In the long-term, Sombke said expanding Medicaid for those workers who cannot afford insurance, may actually bring down all insurance premiums. He points to North Dakota as an example. “The state to the north of us has had Medicaid expansion since it was first made available. Today, insurance premiums are lower because more people are healthier because North Dakotans have access to preventative care.”
Making healthcare available to working South Dakotans is the reason Jim Woster is happy Amendment D passed.
“I see employed people in Sioux Falls where I live, and farm families I know, who cannot afford health insurance because they simply cannot pay for it and cover all other living expenses,” explained Woster, a retired cattle buyer and agriculture columnist/Associate Editor of Tri-State Neighbor.
Woster echoes Sombke’s comments on Medicaid expansion’s role in providing access to non-emergency and preventive care.
“As South Dakotans if we cannot pay for something, we don’t do it,” Woster said. “Now that young, working families will have access to health insurance, they can take their sick child in to the local clinic for antibiotics or another treatment, before they need to take their child into the emergency room with pneumonia.”

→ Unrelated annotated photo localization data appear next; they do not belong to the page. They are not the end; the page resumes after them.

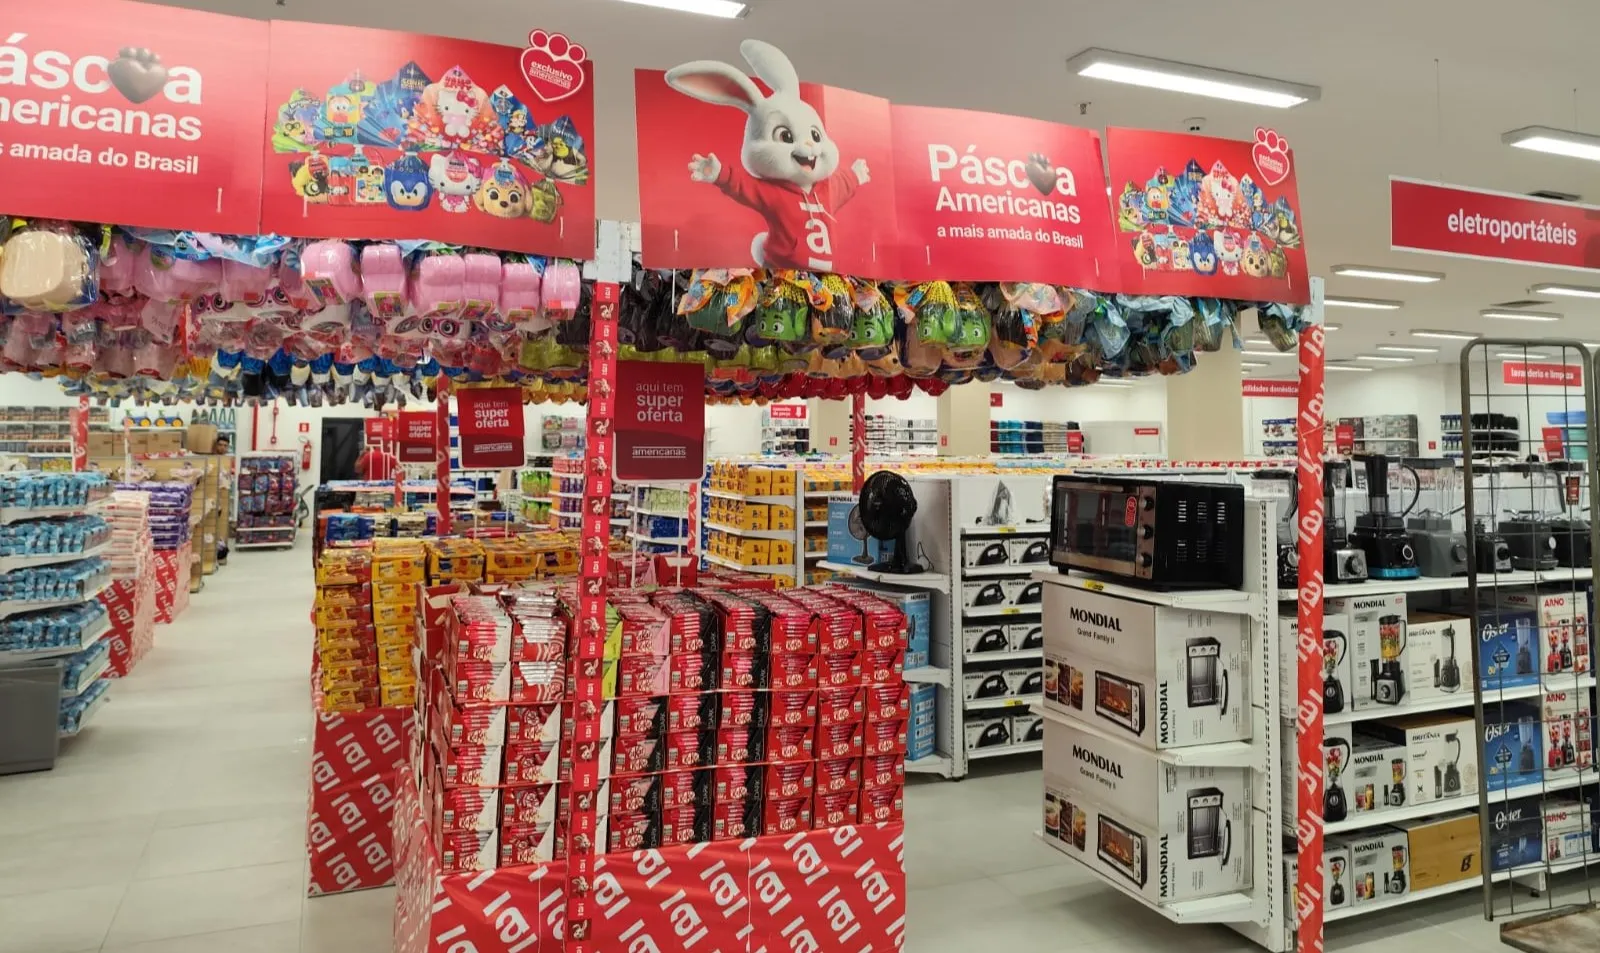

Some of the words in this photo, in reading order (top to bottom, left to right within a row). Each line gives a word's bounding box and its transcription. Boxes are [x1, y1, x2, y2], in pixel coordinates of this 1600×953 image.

[531, 61, 573, 81] exclusivo
[9, 143, 92, 164] amada
[98, 147, 129, 167] do
[134, 151, 199, 175] Brasil
[935, 186, 1081, 224] Americanas
[1447, 208, 1577, 246] eletroportáteis
[937, 226, 946, 238] a
[949, 224, 984, 239] mais
[987, 226, 1033, 242] amada
[1035, 228, 1050, 244] do
[1053, 231, 1083, 249] Brasil
[1511, 367, 1544, 378] lavaderia
[1550, 370, 1574, 381] limpza
[636, 381, 660, 394] aqui
[663, 383, 684, 392] tem
[474, 401, 492, 409] aqui
[637, 395, 683, 410] super
[475, 408, 509, 421] super
[637, 407, 683, 422] oferta
[475, 418, 509, 429] oferta
[632, 447, 686, 457] americanas
[1353, 599, 1386, 610] MONDIAL
[1544, 598, 1565, 608] ARNO
[1070, 607, 1123, 632] MONDIAL
[1076, 628, 1092, 638] Grand
[1093, 631, 1110, 645] Family
[1546, 692, 1567, 702] ARNO
[1159, 681, 1169, 744] MONDIAL
[1073, 745, 1124, 779] MONDIAL
[1354, 754, 1384, 765] MONDIAL
[1080, 767, 1095, 780] Grand
[1096, 774, 1113, 790] Family
[1354, 841, 1385, 854] MONDIAL
[1160, 834, 1169, 898] MONDIAL

Woster added it is also nice to keep federal tax dollars South Dakotans’ were paying for Medicaid expansion in other states, in the state.
A united effort to support more than 42,000 working South Dakotans
South Dakota Farmers Union was among a collation of more than 40 organizations to advocate for expanding Medicaid in South Dakota.
“We worked with organizations who we do not often have much in common with. We set aside issues we do not agree on, to work together on the issue we do agree on. This was refreshing,” Sombke said.
Medicaid expansion will help an estimated 42,000 South Dakotans receive access to health insurance.